→ WORK INSTRUCTIONS
Could you copy out all of the records below exactly, leaving out every picture?

Stored data entries
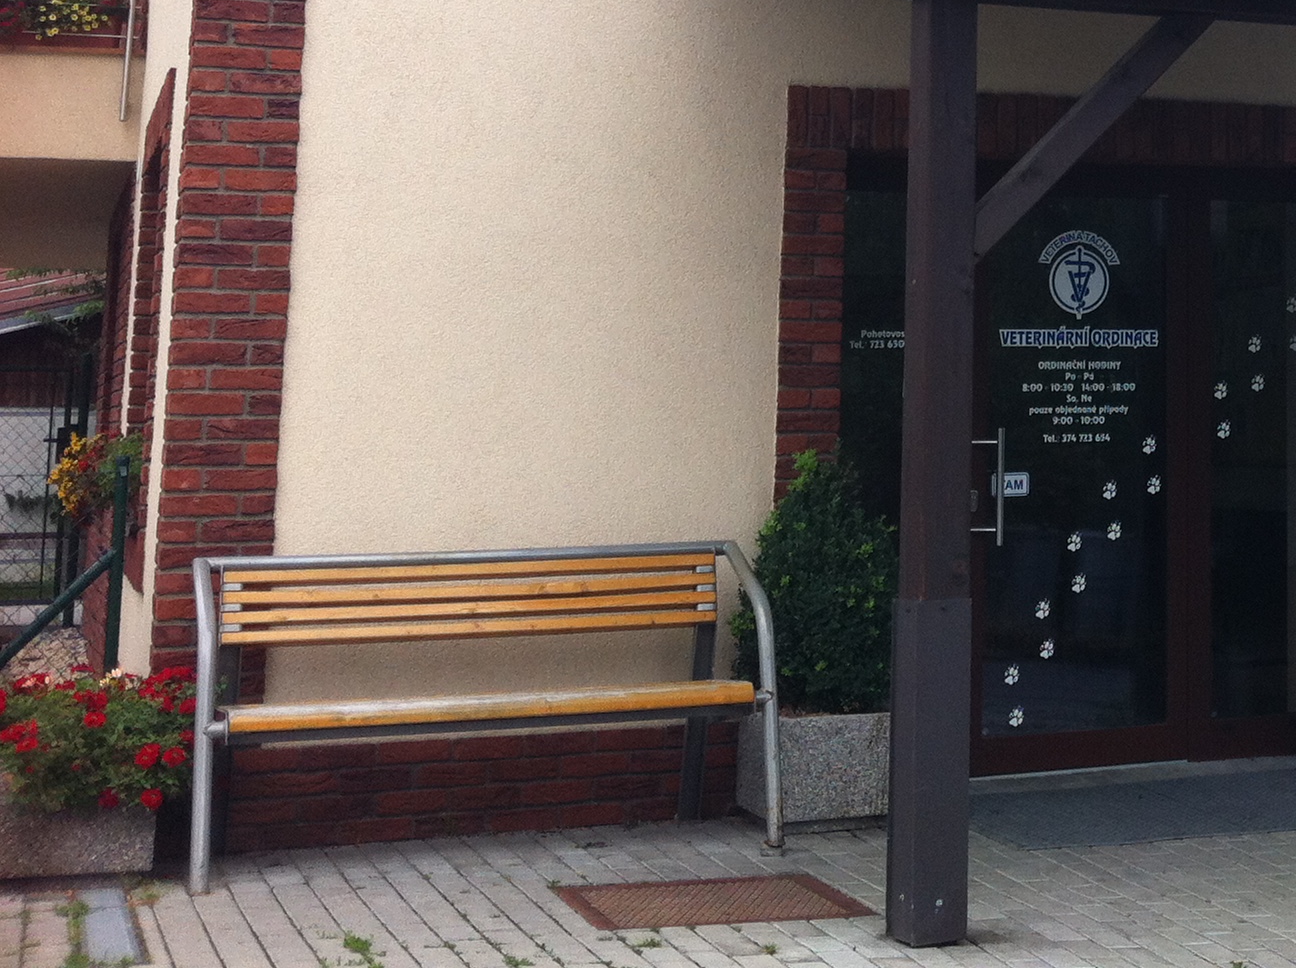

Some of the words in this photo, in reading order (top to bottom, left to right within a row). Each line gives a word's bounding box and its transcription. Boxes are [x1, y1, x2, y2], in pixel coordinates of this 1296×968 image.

[1040, 231, 1084, 263] VETERINA
[1084, 232, 1118, 264] TACHOV
[999, 326, 1090, 348] VETERINÁRNÍ
[1091, 330, 1158, 348] ORDINACE
[1038, 360, 1086, 370] ORDINAČNÍ
[1088, 360, 1121, 370] HODINY
[1065, 372, 1076, 381] Po
[1022, 383, 1043, 392] 8:00
[1050, 383, 1074, 392] 10:30
[1081, 383, 1105, 392] 14:00
[1112, 383, 1136, 392] 18:00
[1081, 394, 1092, 403] Ne
[1028, 407, 1053, 416] pouze
[1055, 405, 1096, 416] objednané
[1052, 416, 1073, 425] 9:00
[1080, 416, 1105, 425] 10:00
[1004, 479, 1024, 491] AM

→ RESPONSE TO THIS EXERCISE
Some of the words in this photo, in reading order (top to bottom, left to right within a row). Each line gives a word's bounding box and its transcription. Boxes are [x1, y1, x2, y2], in pixel coordinates of this 1296×968 image.

[1040, 231, 1084, 263] VETERINA
[1084, 232, 1118, 264] TACHOV
[999, 326, 1090, 348] VETERINÁRNÍ
[1091, 330, 1158, 348] ORDINACE
[1038, 360, 1086, 370] ORDINAČNÍ
[1088, 360, 1121, 370] HODINY
[1065, 372, 1076, 381] Po
[1022, 383, 1043, 392] 8:00
[1050, 383, 1074, 392] 10:30
[1081, 383, 1105, 392] 14:00
[1112, 383, 1136, 392] 18:00
[1081, 394, 1092, 403] Ne
[1028, 407, 1053, 416] pouze
[1055, 405, 1096, 416] objednané
[1052, 416, 1073, 425] 9:00
[1080, 416, 1105, 425] 10:00
[1004, 479, 1024, 491] AM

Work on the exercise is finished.